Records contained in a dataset
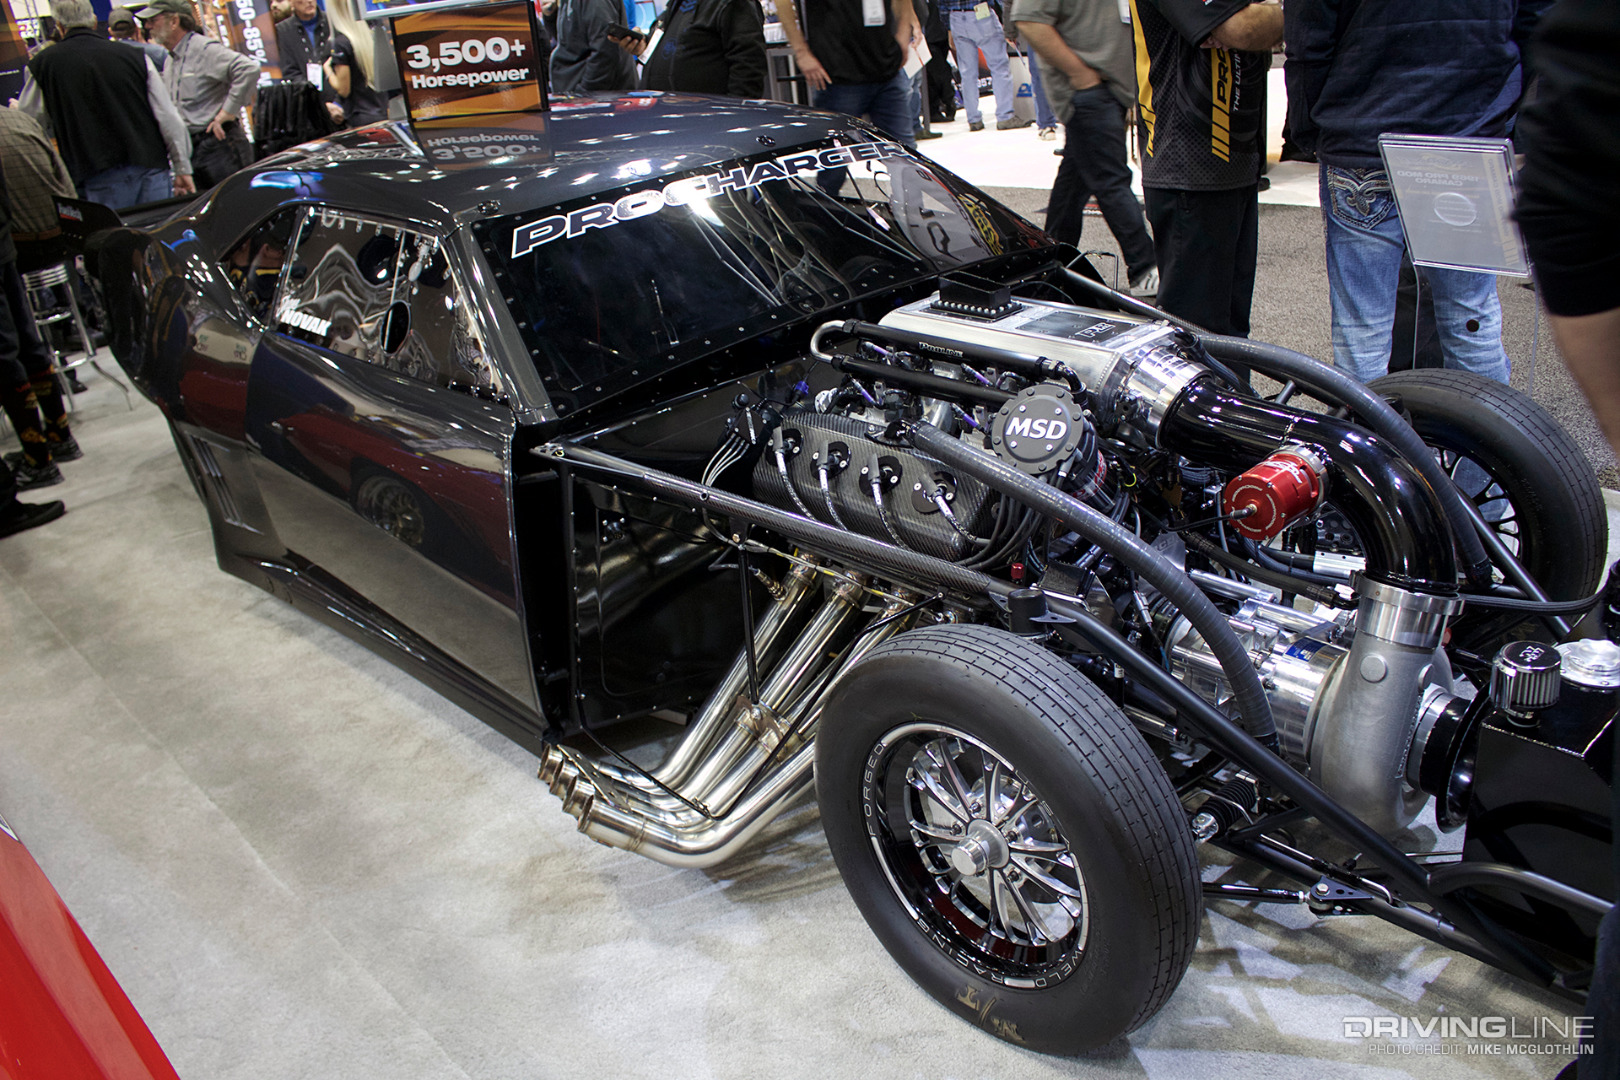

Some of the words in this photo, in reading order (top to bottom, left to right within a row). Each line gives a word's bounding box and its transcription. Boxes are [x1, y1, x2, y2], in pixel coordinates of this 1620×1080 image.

[406, 37, 526, 73] 3,500+
[411, 67, 530, 90] Horsepower
[1232, 88, 1241, 112] THE
[511, 141, 904, 259] PROCHARGER
[280, 308, 332, 337] NOVAK
[1005, 416, 1067, 440] MSD
[863, 743, 884, 836] FORGED
[916, 919, 1004, 984] RACING
[1034, 949, 1083, 988] WELD
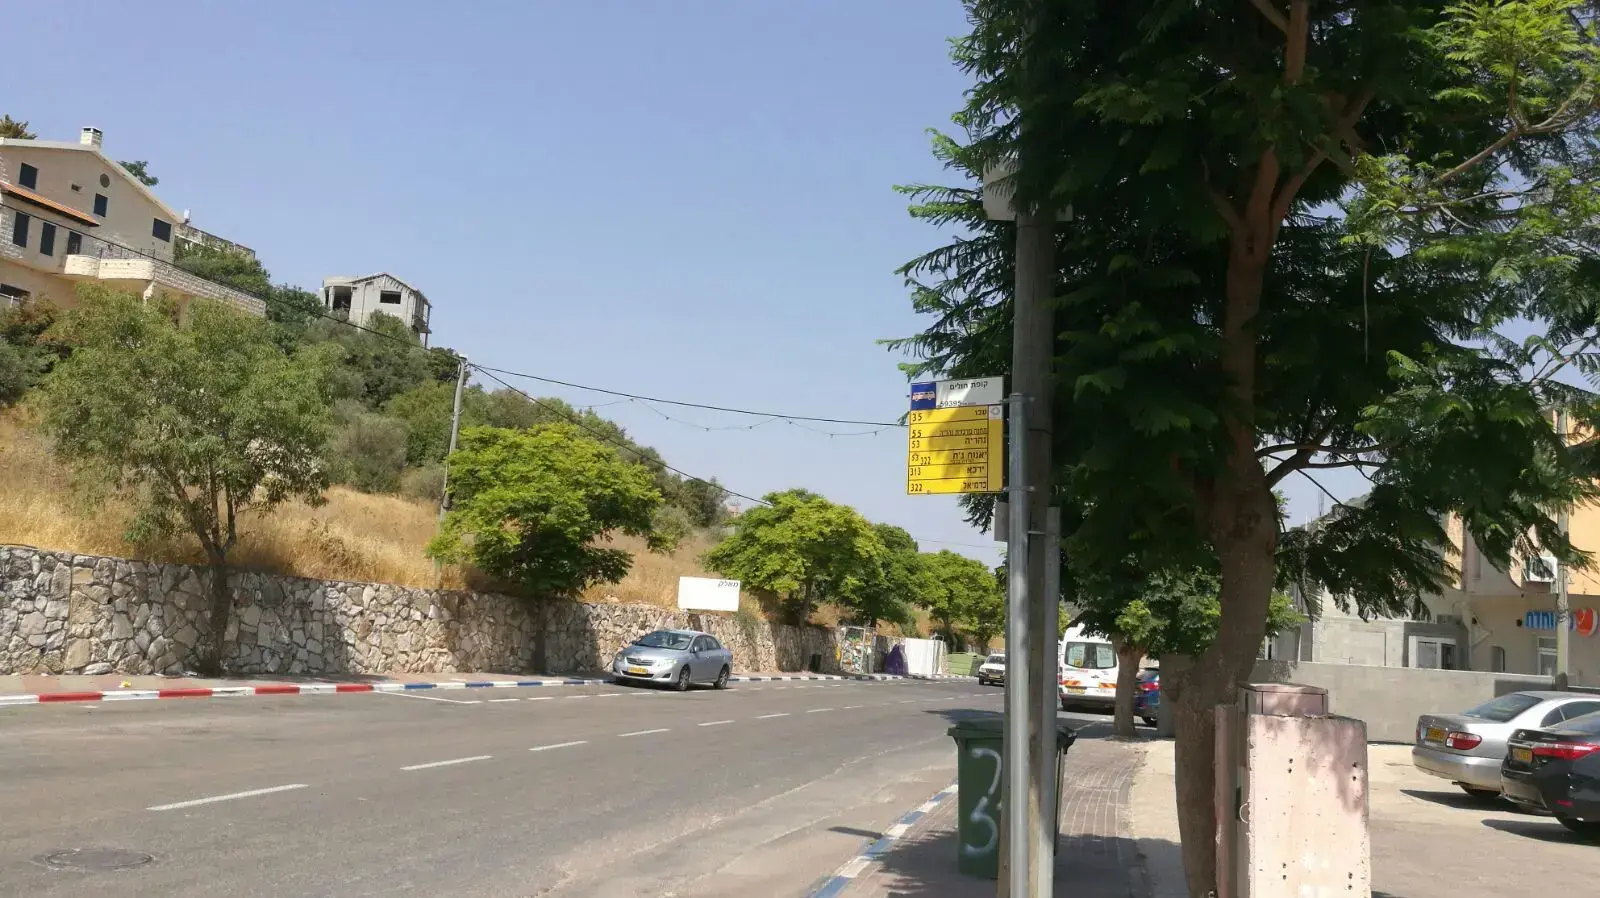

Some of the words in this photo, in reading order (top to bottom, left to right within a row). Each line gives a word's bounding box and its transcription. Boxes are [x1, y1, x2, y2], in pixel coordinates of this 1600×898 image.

[949, 382, 968, 390] חולים
[970, 381, 988, 389] קופת
[912, 412, 922, 422] 35
[912, 430, 922, 438] 55
[911, 440, 920, 449] 53
[965, 436, 987, 445] נהריה
[910, 467, 921, 476] 313
[910, 483, 923, 492] 322
[963, 481, 986, 489] כרמיאל

> TASK BRIEF: Pictures excluded, quote all the data above exactly.

> OUTPUT OF THE TASK:
Some of the words in this photo, in reading order (top to bottom, left to right within a row). Each line gives a word's bounding box and its transcription. Boxes are [x1, y1, x2, y2], in pixel coordinates of this 1620×1080 image.

[406, 37, 526, 73] 3,500+
[411, 67, 530, 90] Horsepower
[1232, 88, 1241, 112] THE
[511, 141, 904, 259] PROCHARGER
[280, 308, 332, 337] NOVAK
[1005, 416, 1067, 440] MSD
[863, 743, 884, 836] FORGED
[916, 919, 1004, 984] RACING
[1034, 949, 1083, 988] WELD

Some of the words in this photo, in reading order (top to bottom, left to right within a row). Each line gives a word's bounding box and its transcription. Boxes are [x1, y1, x2, y2], in pixel coordinates of this 1600×898 image.

[949, 382, 968, 390] חולים
[970, 381, 988, 389] קופת
[912, 412, 922, 422] 35
[912, 430, 922, 438] 55
[911, 440, 920, 449] 53
[965, 436, 987, 445] נהריה
[910, 467, 921, 476] 313
[910, 483, 923, 492] 322
[963, 481, 986, 489] כרמיאל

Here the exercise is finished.